Sabemos e pouco fazemos para enfrentar os atentados cotidianos contra a vida nas favelas do país, em particular do Rio de Janeiro, onde moramos.
É preciso romper com o covarde e perigoso pacto de silêncio entre a sociedade carioca, o governo municipal e estadual e a mídia, sobre as arbitrariedades e as torturas praticadas pelo aparato policial contra a população das favelas. Tais territórios continuam sob o regime de exceção, sob a ditadura das armas, agora em nome da luta contra a criminalidade.
Como servidores públicos, pesquisadores do Laboratório Territorial de Manguinhos, atuando junto com moradores principalmente em Manguinhos, no Alemão e na Rocinha, acompanhamos nos últimos tempos o recrudescimento da violência policial contra cidadãos nas favelas.
A expectativa de uma polícia cidadã das UPP vem sendo frustrada no cotidiano dos moradores. As arbitrariedades e abuso de poder por parte dos policiais assumem várias formas: vão desde a abordagem agressiva e violenta, pelo pé na porta das casas das pessoas entrando sem pedir permissão ou mandado de busca e apreensão, até a violência física e roubo de pertences dos moradores, prisão e tortura nas dependências das UPP, para citar algumas das terríveis denúncias que nos chegam. Incluindo mortes como a do Amarildo, na UPP da Rocinha, e durante os “confrontos” cotidianos estampados nos jornais.

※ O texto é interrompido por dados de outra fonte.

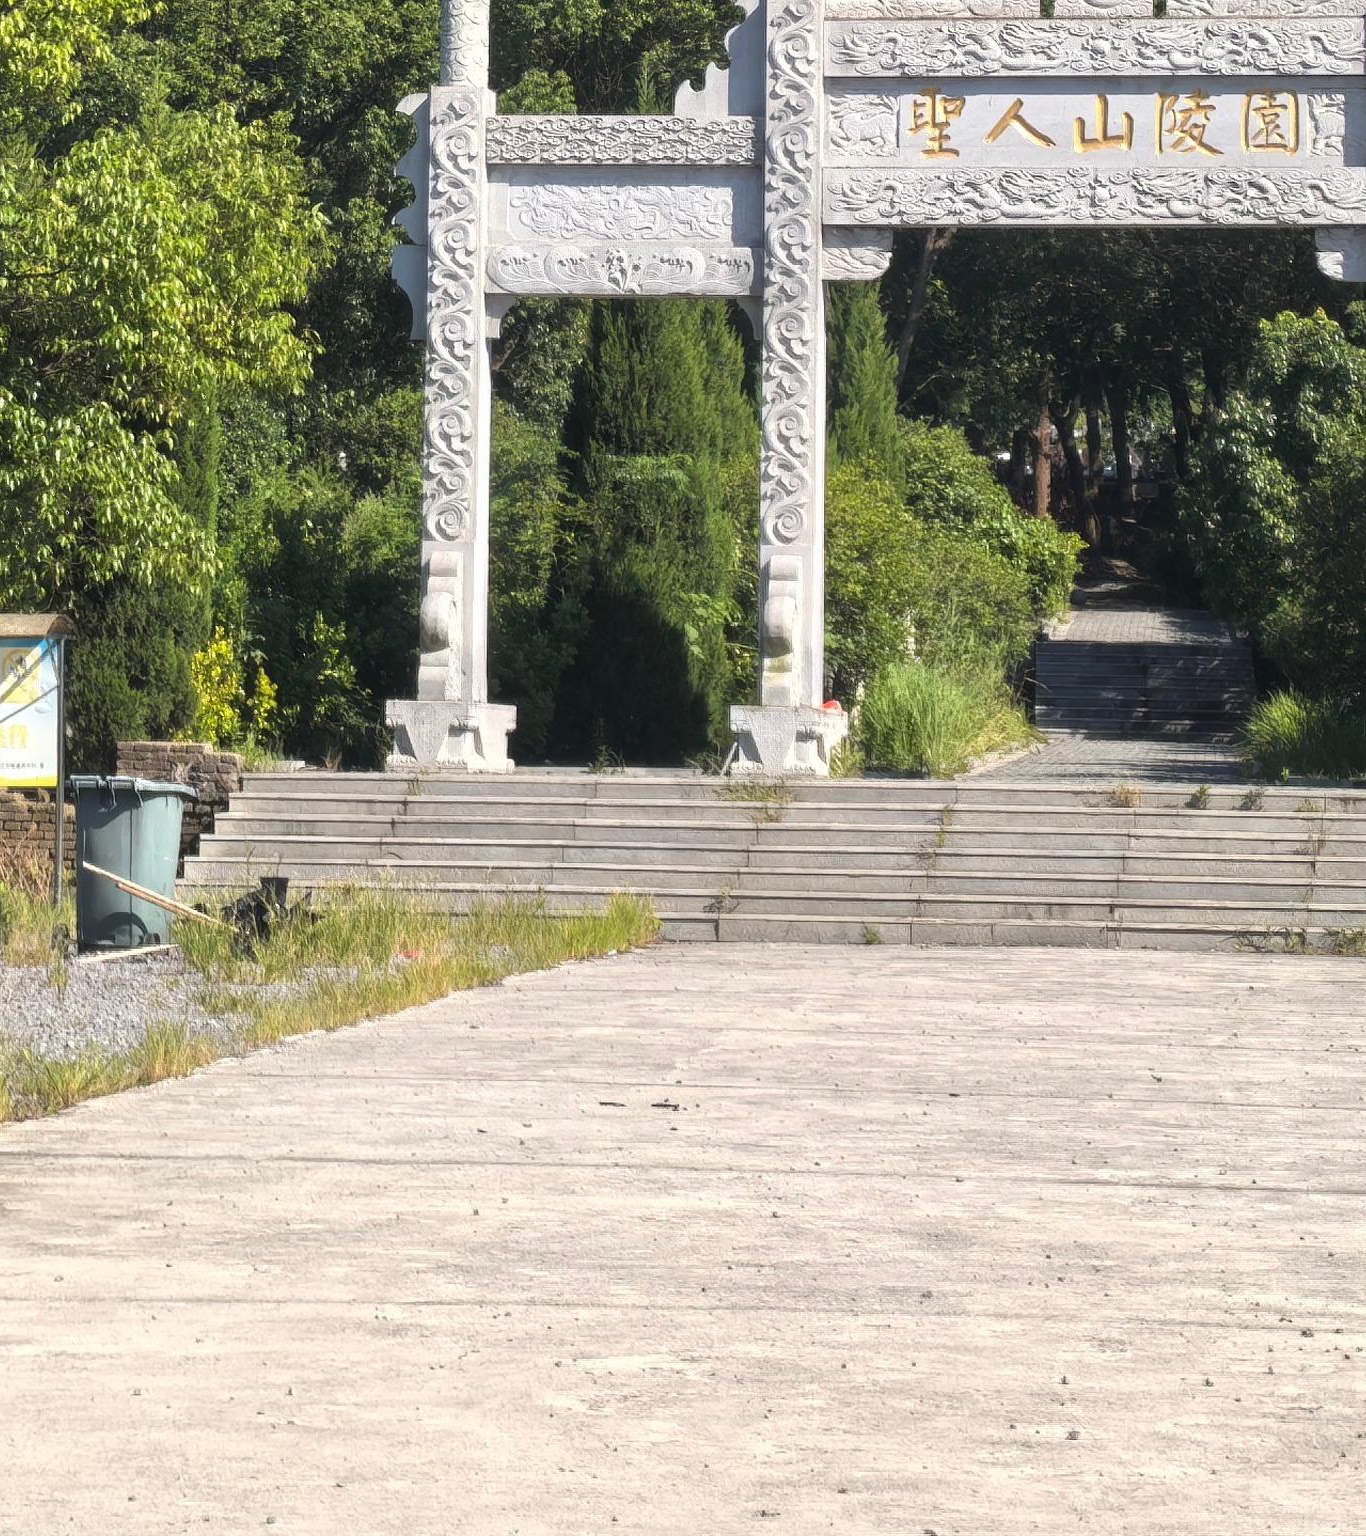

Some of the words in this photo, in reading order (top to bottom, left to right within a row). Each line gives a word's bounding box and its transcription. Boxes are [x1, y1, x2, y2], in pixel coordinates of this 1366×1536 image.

[907, 88, 1300, 159] 聖人山陵園

Nesse contexto, democracia, saúde e direitos humanos se expressam de múltiplas formas para além da morte. A experiência de viver sob a violência gera inúmeros impactos sobre a saúde, por vezes intangíveis e sistematicamente invisibilizados ou desconhecidos. Os processos de adoecimento têm a ver com o alto nível de tensão, a perda de sono e o medo. Isso afeta a própria rede de suporte dos moradores, que circulam informações, dão apoio aos familiares das vítimas e buscam se organizar para fazer denúncias e lutar por direitos fundamentais brutalmente violados. Redes essas muitas vezes também criminalizadas, cuja importa?ncia e? expressa no depoimento da pesquisadora Juliana Farias, da nossa equipe de pesquisa, para o vídeo “Ta Tudo Errado”, produzido em 2015 pelo LTM, sobre as viole?ncias nas favelas.
“... É necessário ter saúde para estar na militância e essas mulheres já estão passando por um processo de dor criado pelo Estado na vida delas e esse mesmo Estado, por outro caminho, também está contribuindo para esse enfraquecimento, esse adoecimento dessas mulheres. Essa mãe lida com um processo de criminalização deste filho que já está morto e nesse caminho a gente vê, são muitos casos de mães que adoecem e o serviço de saúde que é oferecido é muito ruim. Então por mais que existe o apoio dos movimentos sociais e elas mesmas se fortalecem nessa relação que elas constroem entre elas, que é uma relação muito forte, é muito duro perceber que ao longo do tempo elas ficam enfraquecidas... eu entendo que a área de saúde pode fortalecer muito estes processos...”
Como trabalhadores da saúde coletiva e de uma instituição pública como a Fiocruz, temos o dever de nos posicionarmos solidariamente frente à permanência e ao agravamento da violência praticada pelos aparatos de segurança do estado nas favelas.
Construímos o SUS como um dos mais justos sistemas de saúde do mundo, e precisamos defender o SUS em todos os espaços, principalmente onde a violência e falta de direitos se expressa de forma mais brutal. Ao falar sobre saúde, Sérgio Arouca dizia, também reproduzida no vídeo citado: Não é simplesmente que as pessoas não tenham doença. É mais. Que tenham direito a um sistema político que respeite a livre opinião, a livre possibilidade da autodeterminação de um povo, e que não esteja o todo o tempo submetido ao medo da violência."